Rumah Tangga Nusan dan Tara

Rumah Tangga Nusan dan Tara*


(ilustrasi oleh Samsul R. R.)

Ini kali ke sejuta Nusan ribut dengan pasangannya Tara.  Banyak memang bahan ribut mereka, mulai dari keadaan rumah yang hancur berantakan dengan sampah yang berserakan,  makanan yang sering habis oleh tikus-tikus yang berkeliaran,  sampai dengan gosip tetangga yang seolah mengatur jalannya rumah tangga mereka. Namun kali ini bahan ribut mereka berbeda, masalah pendidikan anak, itu yang terdengar ramai diperbincangakan dengan suara meledak-ledak disertai perabotan yang hancur berhamburan.

Tut Wuri Handayani, sering dipanggil Tut,  nama anak pertama mereka. Dulu sebelum menikah mereka punya cita-cita untuk mencerdaskan kehidupan anak-anaknya, cita-cita yang mulia memang, namun tak juga kesampaian.

Penyebab pertama hal itu tidak juga kesampaian adalah aturan yang mereka buat tiap tahun ganti,  awalnya cara mereka mengajar dengan berbasis kebudayaan kemudian diganti,  ganti,  ganti,  ganti,  sampai akhirnya kini Tut mereka paksa untuk belajar seharian penuh dari pagi sampai sore.
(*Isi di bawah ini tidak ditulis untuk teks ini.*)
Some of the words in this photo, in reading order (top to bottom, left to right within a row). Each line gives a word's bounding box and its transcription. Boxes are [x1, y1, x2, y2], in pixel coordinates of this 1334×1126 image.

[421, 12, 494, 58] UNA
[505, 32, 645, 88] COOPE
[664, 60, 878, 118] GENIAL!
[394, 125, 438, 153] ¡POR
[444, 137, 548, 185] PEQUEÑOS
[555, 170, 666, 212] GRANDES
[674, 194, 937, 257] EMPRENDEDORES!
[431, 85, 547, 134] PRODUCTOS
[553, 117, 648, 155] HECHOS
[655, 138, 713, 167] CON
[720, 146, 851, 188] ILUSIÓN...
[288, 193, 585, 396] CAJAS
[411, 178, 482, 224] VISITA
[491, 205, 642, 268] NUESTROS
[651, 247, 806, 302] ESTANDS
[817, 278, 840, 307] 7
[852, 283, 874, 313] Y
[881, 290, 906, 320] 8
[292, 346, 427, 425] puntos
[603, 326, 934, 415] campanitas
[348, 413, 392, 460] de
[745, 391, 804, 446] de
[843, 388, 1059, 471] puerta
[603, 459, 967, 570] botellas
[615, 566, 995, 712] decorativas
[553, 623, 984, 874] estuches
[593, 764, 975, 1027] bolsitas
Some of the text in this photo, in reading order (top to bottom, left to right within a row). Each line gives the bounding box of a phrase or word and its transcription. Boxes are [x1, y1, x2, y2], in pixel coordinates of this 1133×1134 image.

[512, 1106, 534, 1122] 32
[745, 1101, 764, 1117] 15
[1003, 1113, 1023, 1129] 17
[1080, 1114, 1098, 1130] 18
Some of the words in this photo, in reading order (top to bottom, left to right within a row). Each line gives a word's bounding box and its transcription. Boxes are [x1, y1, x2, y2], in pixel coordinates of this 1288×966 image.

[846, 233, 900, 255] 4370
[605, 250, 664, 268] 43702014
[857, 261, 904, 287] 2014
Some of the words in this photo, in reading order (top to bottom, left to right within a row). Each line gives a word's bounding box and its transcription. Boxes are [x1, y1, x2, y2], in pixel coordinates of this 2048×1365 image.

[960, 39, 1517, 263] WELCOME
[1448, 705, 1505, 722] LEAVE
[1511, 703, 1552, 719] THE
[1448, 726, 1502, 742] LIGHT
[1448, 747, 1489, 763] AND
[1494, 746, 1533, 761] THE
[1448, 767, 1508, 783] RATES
Memang tidak ada yang salah dengan perubahan,  tapi kalau keseringan yah si anak juga kewalahan.

Penyebab kedua,  masalah keuangan. Biaya untuk pendidikan Tut terhitung mencengankan,  sangat mahal dengan angka nol yang banyak. Awalnya memang jumlah uang sebanyak itu diharapkan sampai sesuai tujuan,  untuk guru les, sarana dan prasarana,  media, dan sampai ke rencana jangka panjang. 

Namun ketika pelaksanaan uang sebanyak itu rasanya tak sampai ke Tut. Uangnya sering hilang,  bagai ditelan angan.  Entah hilang kenapa, menurut rumor uangnya kadang tak sengaja dijajankan, kadang dimakan oleh tikus-tikus yang sembunyi di kegelapan,  dan kadang terpaksa dipakai untuk kebutuhan harian,  dan bahkan dipakai juga untung bayar hutang bulanan ke tetangga.

Hasilnya, guru les Tut dibayar pas-pasan,  fasilitas belajar Tut pun banyak yang yang ambruk, kursi dan meja dimakan rayap,  bangunan yang dipakai tertiup angin sepoi pun rubuh, baju seragam Tut compang camping, dan yang terburuk akhirnya Tut belajar jauh dari kata nyaman, ilmu yang seharusnya dia dapatkan malah malah terbang dan tenggelam ke lautan.  Tut hanya jadi siswa bodoh dan pemalasan,  tanpa sedikitpun ilmu yang dia dapatkan.

Penyebab ketiga, Tut sulit cerdas karena hal yang paling mendasar,  keinginannya dibungkam cita-citanya di acak-acak,  dan kebebasannya 'dilacurkan'. Tut punya cita-cita ingin menjadi seorang pelukis, namun sayang nilai matematikanya buruk hasilnya Nusan dan Tara menghentikan kegiatan les melukis Tut dan malam memaksakan agar Tut ikut les matematika seminggu 7 kali. 

Hal wajar memang kalau orang tua ingin yang terbaik untuk anaknya, namun yang terbaik seperti apa? Yang terbaik untuk orang tua atau untuk anak? Kebanyakan orang tua memang seperti itu,  memaksa. Anaknya jago olahraga dipaksa sastra, anaknya jago menghitung dipaksa nyanyi, anaknya jago masak dipaksa IPA, yah selama tak ada titik temu antara keinginan orang tua dan anak masalah sepeti Tut ini akan terus terjadi ketika anak tak sadar bahwa mereka dipecundangi orang tuanya sendiri.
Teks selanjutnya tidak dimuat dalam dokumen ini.